- [What you will do]:
Reproduce all the entries, matching the original word for word.
--- Records provided Enclosed Below ---
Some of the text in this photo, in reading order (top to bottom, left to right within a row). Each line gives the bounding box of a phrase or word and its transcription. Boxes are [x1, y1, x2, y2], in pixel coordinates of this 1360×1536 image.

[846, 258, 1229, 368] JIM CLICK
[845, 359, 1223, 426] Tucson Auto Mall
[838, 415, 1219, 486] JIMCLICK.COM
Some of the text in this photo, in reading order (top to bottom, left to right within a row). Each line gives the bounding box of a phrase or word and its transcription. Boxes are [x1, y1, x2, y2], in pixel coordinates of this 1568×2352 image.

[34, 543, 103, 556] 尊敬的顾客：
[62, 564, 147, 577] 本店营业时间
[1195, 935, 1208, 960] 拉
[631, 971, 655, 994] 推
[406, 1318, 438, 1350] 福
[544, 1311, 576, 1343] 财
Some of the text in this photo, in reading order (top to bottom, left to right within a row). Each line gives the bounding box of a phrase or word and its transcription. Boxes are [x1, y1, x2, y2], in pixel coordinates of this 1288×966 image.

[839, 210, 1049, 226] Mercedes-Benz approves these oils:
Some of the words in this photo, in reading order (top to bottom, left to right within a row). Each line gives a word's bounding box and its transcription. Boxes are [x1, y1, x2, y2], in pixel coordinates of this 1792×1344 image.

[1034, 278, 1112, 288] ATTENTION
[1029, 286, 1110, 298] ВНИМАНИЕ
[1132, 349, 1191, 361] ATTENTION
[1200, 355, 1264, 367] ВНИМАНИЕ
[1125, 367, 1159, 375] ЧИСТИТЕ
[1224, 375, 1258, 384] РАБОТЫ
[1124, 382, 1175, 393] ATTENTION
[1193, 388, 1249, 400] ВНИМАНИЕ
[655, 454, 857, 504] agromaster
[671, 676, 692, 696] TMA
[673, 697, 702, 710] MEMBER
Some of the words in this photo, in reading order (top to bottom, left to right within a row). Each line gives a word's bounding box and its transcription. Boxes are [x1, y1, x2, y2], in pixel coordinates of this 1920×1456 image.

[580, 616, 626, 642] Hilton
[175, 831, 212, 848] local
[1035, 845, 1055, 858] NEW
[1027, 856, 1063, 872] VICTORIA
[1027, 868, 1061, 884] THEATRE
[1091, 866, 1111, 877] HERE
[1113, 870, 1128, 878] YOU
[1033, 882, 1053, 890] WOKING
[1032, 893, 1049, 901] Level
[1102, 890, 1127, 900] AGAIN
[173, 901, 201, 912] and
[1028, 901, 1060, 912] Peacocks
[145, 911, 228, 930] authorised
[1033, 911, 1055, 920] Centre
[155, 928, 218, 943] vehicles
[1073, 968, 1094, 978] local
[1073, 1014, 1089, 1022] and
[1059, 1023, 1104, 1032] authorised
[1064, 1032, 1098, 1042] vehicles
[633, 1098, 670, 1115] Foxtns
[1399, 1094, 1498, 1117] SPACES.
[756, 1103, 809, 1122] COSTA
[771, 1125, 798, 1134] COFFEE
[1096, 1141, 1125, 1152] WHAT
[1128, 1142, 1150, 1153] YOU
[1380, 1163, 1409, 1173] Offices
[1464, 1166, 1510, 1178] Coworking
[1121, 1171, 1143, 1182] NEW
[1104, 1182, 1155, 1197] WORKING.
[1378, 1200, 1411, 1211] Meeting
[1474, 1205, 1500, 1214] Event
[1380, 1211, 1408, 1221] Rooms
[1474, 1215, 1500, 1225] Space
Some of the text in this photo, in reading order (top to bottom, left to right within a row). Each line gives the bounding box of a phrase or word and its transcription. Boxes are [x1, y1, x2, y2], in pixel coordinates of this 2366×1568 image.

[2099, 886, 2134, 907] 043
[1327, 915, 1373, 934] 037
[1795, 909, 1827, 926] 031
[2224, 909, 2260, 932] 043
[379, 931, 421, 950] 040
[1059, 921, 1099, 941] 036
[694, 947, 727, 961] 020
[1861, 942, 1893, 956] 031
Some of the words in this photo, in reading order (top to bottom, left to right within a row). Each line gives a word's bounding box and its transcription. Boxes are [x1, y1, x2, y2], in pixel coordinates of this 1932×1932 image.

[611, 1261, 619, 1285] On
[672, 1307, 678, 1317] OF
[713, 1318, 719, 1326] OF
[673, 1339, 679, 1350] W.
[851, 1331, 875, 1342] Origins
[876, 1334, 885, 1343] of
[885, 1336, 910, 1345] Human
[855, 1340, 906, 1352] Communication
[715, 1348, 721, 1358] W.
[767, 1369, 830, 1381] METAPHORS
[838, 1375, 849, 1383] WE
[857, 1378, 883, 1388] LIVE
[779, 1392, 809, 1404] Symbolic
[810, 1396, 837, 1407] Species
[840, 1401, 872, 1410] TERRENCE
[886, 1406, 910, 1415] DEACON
--- End of Enclosed Records provided ---
- [Exercise solution]:
Some of the text in this photo, in reading order (top to bottom, left to right within a row). Each line gives the bounding box of a phrase or word and its transcription. Boxes are [x1, y1, x2, y2], in pixel coordinates of this 1360×1536 image.

[846, 258, 1229, 368] JIM CLICK
[845, 359, 1223, 426] Tucson Auto Mall
[838, 415, 1219, 486] JIMCLICK.COM
Some of the text in this photo, in reading order (top to bottom, left to right within a row). Each line gives the bounding box of a phrase or word and its transcription. Boxes are [x1, y1, x2, y2], in pixel coordinates of this 1568×2352 image.

[34, 543, 103, 556] 尊敬的顾客：
[62, 564, 147, 577] 本店营业时间
[1195, 935, 1208, 960] 拉
[631, 971, 655, 994] 推
[406, 1318, 438, 1350] 福
[544, 1311, 576, 1343] 财
Some of the text in this photo, in reading order (top to bottom, left to right within a row). Each line gives the bounding box of a phrase or word and its transcription. Boxes are [x1, y1, x2, y2], in pixel coordinates of this 1288×966 image.

[839, 210, 1049, 226] Mercedes-Benz approves these oils:
Some of the words in this photo, in reading order (top to bottom, left to right within a row). Each line gives a word's bounding box and its transcription. Boxes are [x1, y1, x2, y2], in pixel coordinates of this 1792×1344 image.

[1034, 278, 1112, 288] ATTENTION
[1029, 286, 1110, 298] ВНИМАНИЕ
[1132, 349, 1191, 361] ATTENTION
[1200, 355, 1264, 367] ВНИМАНИЕ
[1125, 367, 1159, 375] ЧИСТИТЕ
[1224, 375, 1258, 384] РАБОТЫ
[1124, 382, 1175, 393] ATTENTION
[1193, 388, 1249, 400] ВНИМАНИЕ
[655, 454, 857, 504] agromaster
[671, 676, 692, 696] TMA
[673, 697, 702, 710] MEMBER
Some of the words in this photo, in reading order (top to bottom, left to right within a row). Each line gives a word's bounding box and its transcription. Boxes are [x1, y1, x2, y2], in pixel coordinates of this 1920×1456 image.

[580, 616, 626, 642] Hilton
[175, 831, 212, 848] local
[1035, 845, 1055, 858] NEW
[1027, 856, 1063, 872] VICTORIA
[1027, 868, 1061, 884] THEATRE
[1091, 866, 1111, 877] HERE
[1113, 870, 1128, 878] YOU
[1033, 882, 1053, 890] WOKING
[1032, 893, 1049, 901] Level
[1102, 890, 1127, 900] AGAIN
[173, 901, 201, 912] and
[1028, 901, 1060, 912] Peacocks
[145, 911, 228, 930] authorised
[1033, 911, 1055, 920] Centre
[155, 928, 218, 943] vehicles
[1073, 968, 1094, 978] local
[1073, 1014, 1089, 1022] and
[1059, 1023, 1104, 1032] authorised
[1064, 1032, 1098, 1042] vehicles
[633, 1098, 670, 1115] Foxtns
[1399, 1094, 1498, 1117] SPACES.
[756, 1103, 809, 1122] COSTA
[771, 1125, 798, 1134] COFFEE
[1096, 1141, 1125, 1152] WHAT
[1128, 1142, 1150, 1153] YOU
[1380, 1163, 1409, 1173] Offices
[1464, 1166, 1510, 1178] Coworking
[1121, 1171, 1143, 1182] NEW
[1104, 1182, 1155, 1197] WORKING.
[1378, 1200, 1411, 1211] Meeting
[1474, 1205, 1500, 1214] Event
[1380, 1211, 1408, 1221] Rooms
[1474, 1215, 1500, 1225] Space
Some of the text in this photo, in reading order (top to bottom, left to right within a row). Each line gives the bounding box of a phrase or word and its transcription. Boxes are [x1, y1, x2, y2], in pixel coordinates of this 2366×1568 image.

[2099, 886, 2134, 907] 043
[1327, 915, 1373, 934] 037
[1795, 909, 1827, 926] 031
[2224, 909, 2260, 932] 043
[379, 931, 421, 950] 040
[1059, 921, 1099, 941] 036
[694, 947, 727, 961] 020
[1861, 942, 1893, 956] 031
Some of the words in this photo, in reading order (top to bottom, left to right within a row). Each line gives a word's bounding box and its transcription. Boxes are [x1, y1, x2, y2], in pixel coordinates of this 1932×1932 image.

[611, 1261, 619, 1285] On
[672, 1307, 678, 1317] OF
[713, 1318, 719, 1326] OF
[673, 1339, 679, 1350] W.
[851, 1331, 875, 1342] Origins
[876, 1334, 885, 1343] of
[885, 1336, 910, 1345] Human
[855, 1340, 906, 1352] Communication
[715, 1348, 721, 1358] W.
[767, 1369, 830, 1381] METAPHORS
[838, 1375, 849, 1383] WE
[857, 1378, 883, 1388] LIVE
[779, 1392, 809, 1404] Symbolic
[810, 1396, 837, 1407] Species
[840, 1401, 872, 1410] TERRENCE
[886, 1406, 910, 1415] DEACON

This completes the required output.